**Assignment**
From the records below, extract all the text exactly and leave the images behind.

Items listed in a dataset:
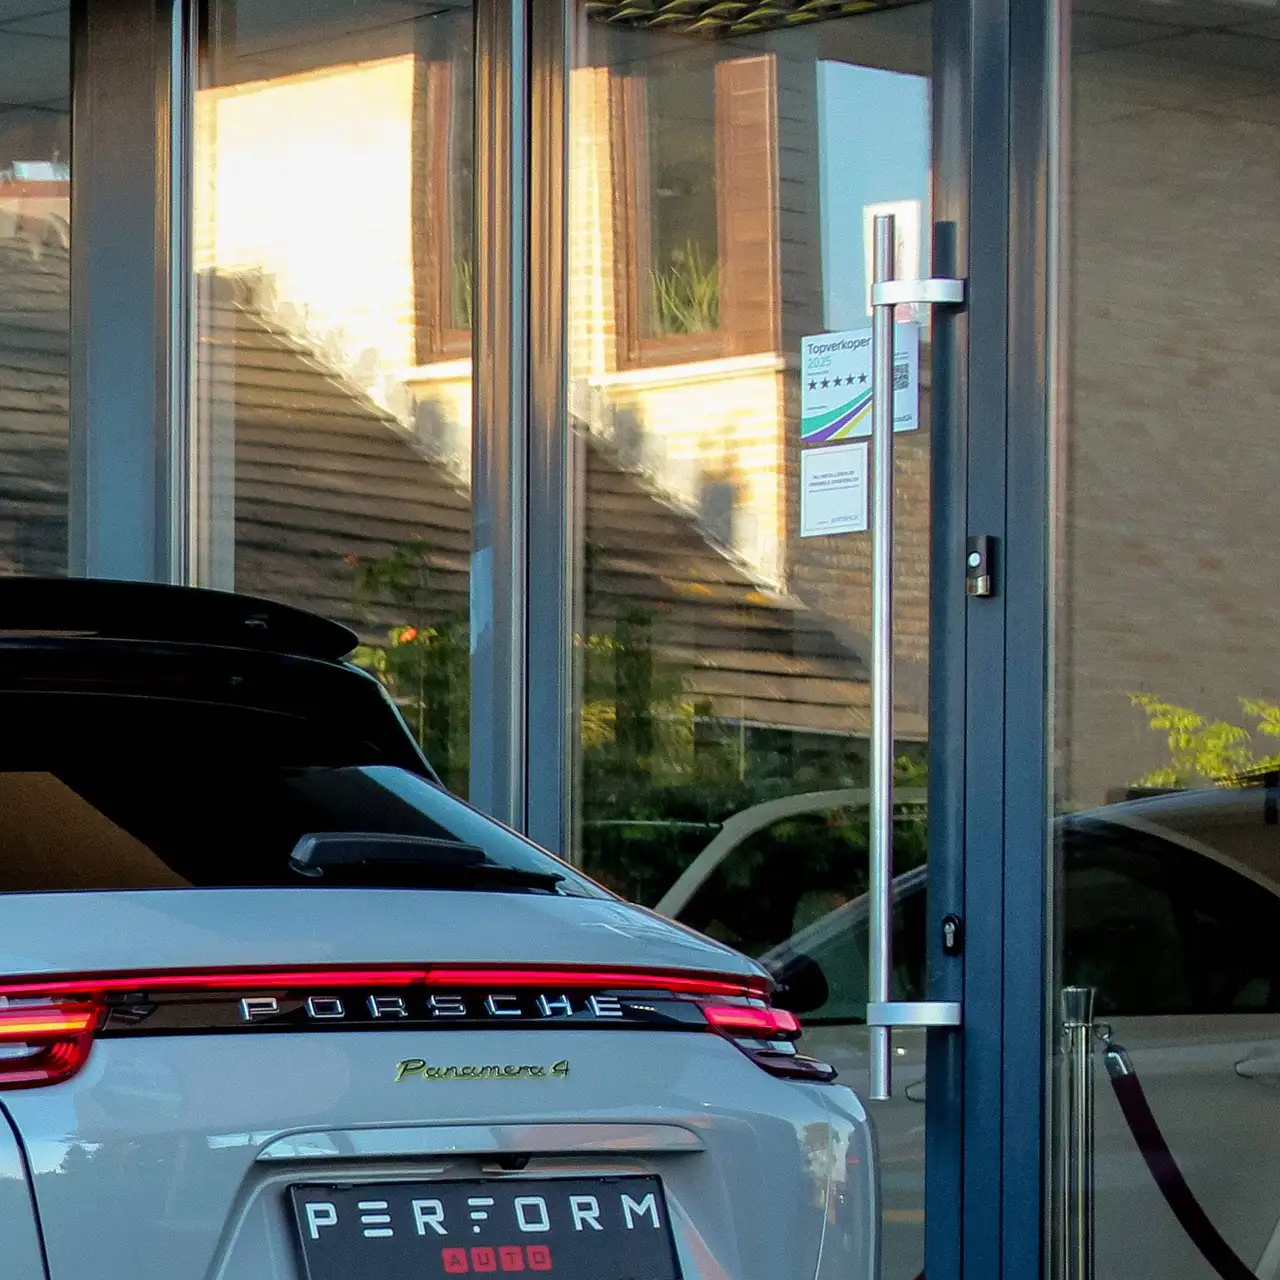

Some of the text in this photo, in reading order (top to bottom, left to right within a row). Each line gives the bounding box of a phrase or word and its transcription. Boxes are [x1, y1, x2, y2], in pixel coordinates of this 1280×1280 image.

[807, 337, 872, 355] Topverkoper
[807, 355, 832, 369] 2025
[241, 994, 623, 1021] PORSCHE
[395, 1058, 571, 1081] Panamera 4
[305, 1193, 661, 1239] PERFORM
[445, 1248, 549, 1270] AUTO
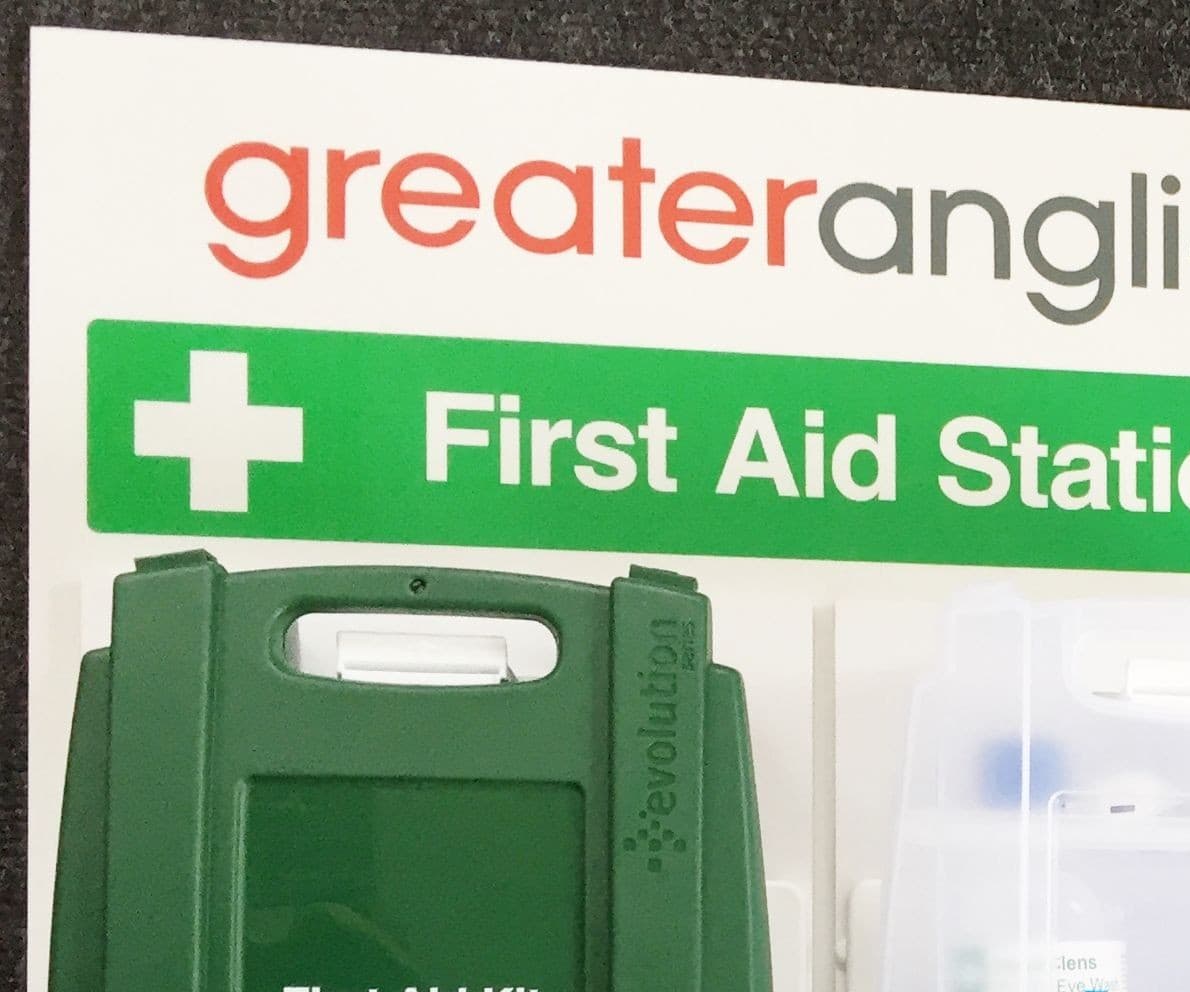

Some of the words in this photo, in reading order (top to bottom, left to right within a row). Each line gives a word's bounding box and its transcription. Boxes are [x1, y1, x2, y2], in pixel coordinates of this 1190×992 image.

**Answer to this task**
Some of the text in this photo, in reading order (top to bottom, left to right within a row). Each line gives the bounding box of a phrase or word and its transcription. Boxes are [x1, y1, x2, y2], in pixel coordinates of this 1280×1280 image.

[807, 337, 872, 355] Topverkoper
[807, 355, 832, 369] 2025
[241, 994, 623, 1021] PORSCHE
[395, 1058, 571, 1081] Panamera 4
[305, 1193, 661, 1239] PERFORM
[445, 1248, 549, 1270] AUTO

Some of the words in this photo, in reading order (top to bottom, left to right within a row). Each line gives a word's bounding box and its transcription. Boxes are [x1, y1, x2, y2], in pixel coordinates of this 1190×992 image.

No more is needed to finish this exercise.